Exposição às radiações ionizantes, em especial ao Césio 137, e efeitos sobre a saúde humana - Comentário da Dra. Fernanda

Exposição às radiações ionizantes, em especial ao Césio 137.

Iniciei meu trabalho no Centro de Referência em Saúde do Trabalhador de Santo Amaro (PMSP) em 1990 como médica do trabalho e pneumologista, e desde então venho acompanhando os trabalhadores da empresa Nuclemon (atual INB), que foram expostos às radiações ionizantes no ambiente de trabalho. Em 2013 fui convidada pelo governo do Japão a fazer um treinamento de um mês em Hiroshima sobre os efeitos das radiações ionizantes sobre a saúde humana no HICARE (Hiroshima International Council for Health Care of the Radiation-Exposed).

Existe na tabela periódica um grupo de elementos químicos designados de radionuclídeos, entre os quais se encontra o Césio 137, que se caracterizam pela emissão de radiações alfa, beta e gama. As radiações gama são ondas menores e com mais energia. Em geral as radiações geram calor e energia, podem atravessar ou ser absorvidos pela matéria, podendo alcançar a velocidade de desintegração e em geral tem meia vida longa.

A meia vida é o tempo necessário para que a metade dos núcleos radioativos se desintegre, ou seja, para que a amostra radioativa se reduza à metade. Exemplos: Rádio 226 (Meia vida 2300 anos), Urânio 238 (Meia vida 4,5 bilhões de ano) e Césio 137 (Meia vida 30 anos).

São usos das radiações ionizantes pelo homem: produção de armas, geração de energia (usinas), uso na agricultura e na indústria, e na medicina (radiologia, radioterapia e medicina nuclear).

Os radionuclídeos, de maneira geral, têm efeitos similares no organismo humano. Tem ação direta alterando o DNA e indireta levando à formação de radicais ativos, que tem ação oxidante no organismo (alteram o metabolismo e causam morte celular).

Outra classificação destes efeitos os divide em: somáticos (os que ocorrem no organismo e dependem da dose de radiação e da região atingida), hereditários (efeitos que são transmitidos para os descendentes) e teratogênicos (efeitos que ocorrem no feto da mãe que está grávida no momento da exposição).
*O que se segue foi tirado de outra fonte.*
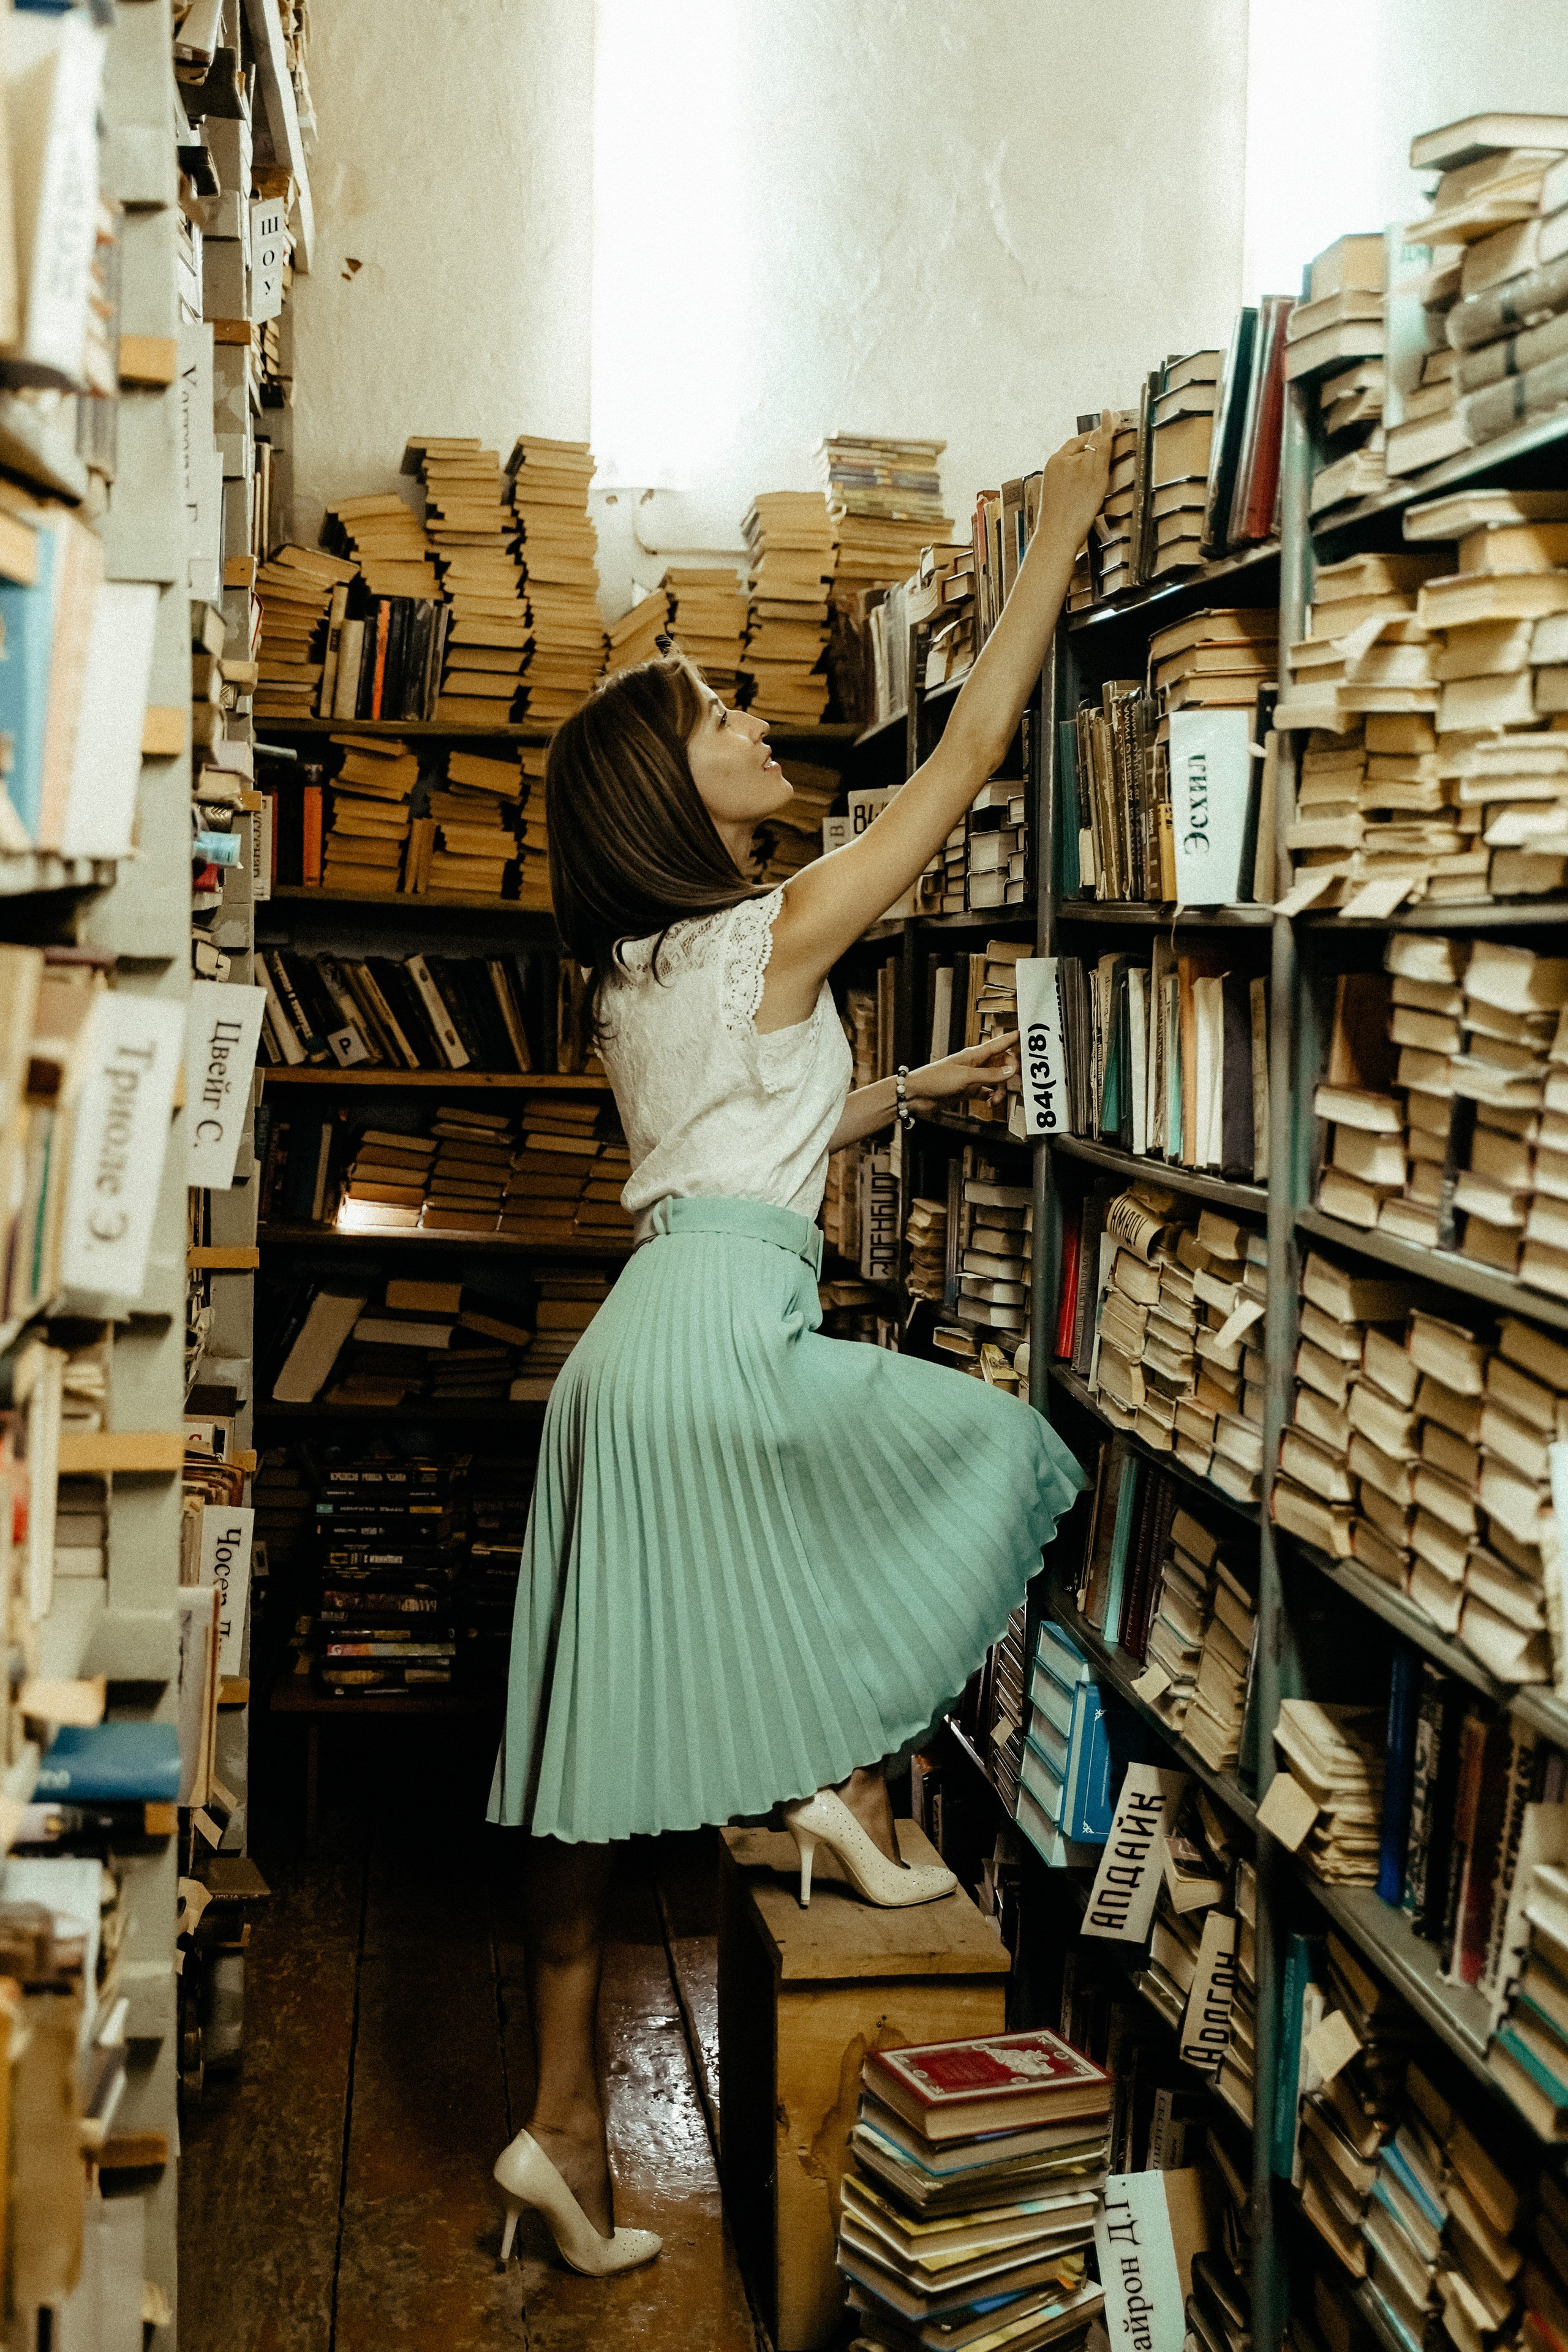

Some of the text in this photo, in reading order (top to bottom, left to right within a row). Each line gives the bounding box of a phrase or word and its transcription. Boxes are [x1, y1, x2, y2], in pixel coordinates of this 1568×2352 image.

As unidades que medem a radiação ionizante são Sv (Silvert), mSv (milisilvert) e Gy (Gray). As equivalências são: 1Sv = 1000mSv = 1Gy. Os efeitos das radiações em relação às doses são:

>100 Grays – morte

≤100 Grays – Falência do SNC (desorientação, perda de coordenação, distúrbios respiratórios, convulsões e coma)/até 2 dias após exposição

±10 Grays – Síndrome gastrointestinal (naúseas, vômitos, diarréia)

<10 Grays – Síndrome hematopoiética

A síndrome aguda se caracteriza por vômitos, diarréia e desidratação. Após uma semana ocorre a fase tóxica com febre, sintomas intestinais, ulcerações de mucosas, síndrome hematopoiética (leucopenia, anemia, trombocitopenia) e obstrução e fragilidade capilar. Os efeitos tardios podem ocorrer após anos ou décadas e são: alterações hematológicas, leucemias e tumores. Também podemos classificar os efeitos como determinísticos ( queimaduras, cataratas), estocásticos (Câncer, que pode ocorrer após anos e independe da dose absorvida), somáticos imediatos (queda do cabelo) ou somáticos tardios (Câncer) e genéticos (lesão do DNA das células reprodutivas). São mais radiosensíveis: Tireóide, medula óssea e sistema linfóide. Em relação aos fetos se expostos até 20 semanas pode ocorrer retardo do crescimento, microcefalia e retardo mental.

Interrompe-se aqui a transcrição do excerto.